Investigating the functional properties of bird nests has received an increased
interest in recent years. Despite this, quantitative data for nest composition is scarce
for many species and relatively little is known about functional aspects of nest
construction across species. This thesis provides additional quantitative data for
nest composition and investigates the thermal and hydrological properties of nests
from three closely related species from the Sylviidae family; Eurasian Blackcaps
Sylvia atricapilla, Eurasian Reed Warblers Acrocephalus scirpaceus and Willow
Warblers Phylloscopus trochilus.

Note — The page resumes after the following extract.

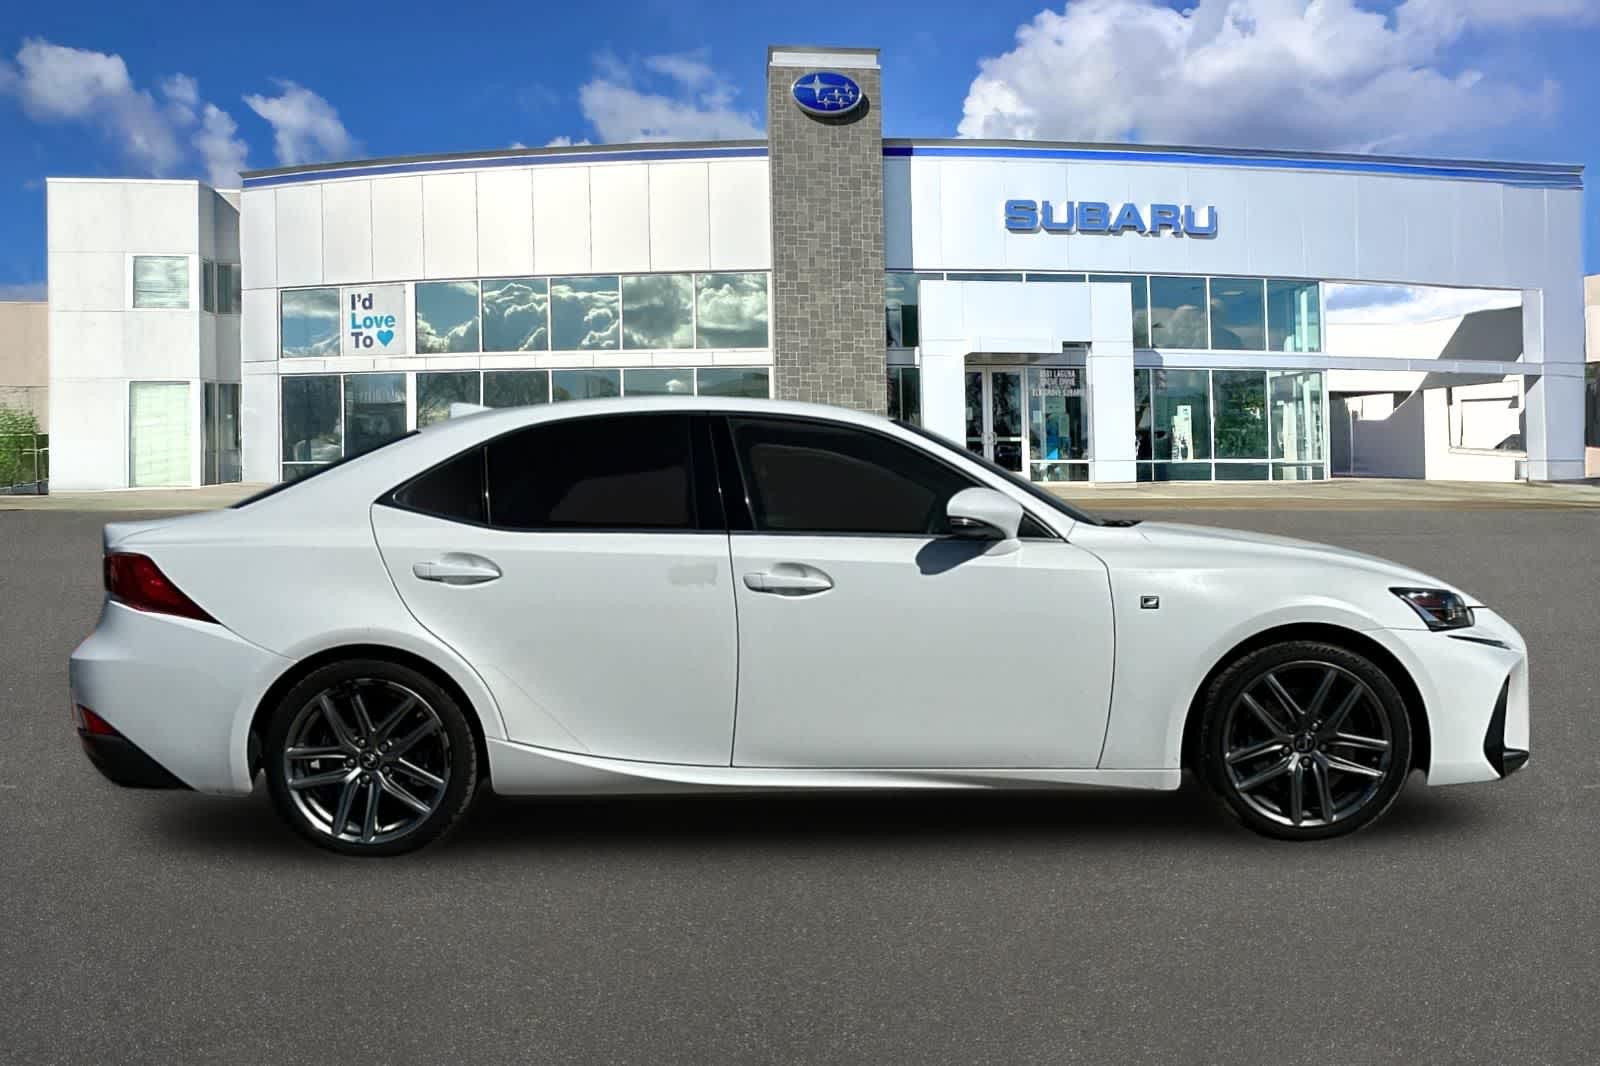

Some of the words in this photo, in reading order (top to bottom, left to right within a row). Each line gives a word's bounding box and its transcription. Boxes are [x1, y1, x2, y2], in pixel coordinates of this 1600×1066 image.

[1004, 199, 1216, 237] SUBARU
[351, 293, 373, 310] I'd
[351, 312, 396, 329] Love
[351, 331, 374, 348] To

Willow Warblers built nests with the greatest mass
whereas Blackcap nests were the smallest in mass of the three species. Principal
component analysis revealed that there was interspecific variation in the
composition of warbler nests. Willow Warbler nests were characterised by a larger
quantity of moss and feathers than in Reed Warbler and Blackcap nests, with an
absence of invertebrate silk and artificial materials. Reed Warbler nests were
primarily composed of dry grasses, invertebrate silk and artificial materials.
Blackcap nests were constructed with roots and grasses, artificial materials and
invertebrate silk. Internal cooling rates were greatest for Blackcap nests under still
and moving air conditions in comparison to Reed Warbler and Willow Warbler nests.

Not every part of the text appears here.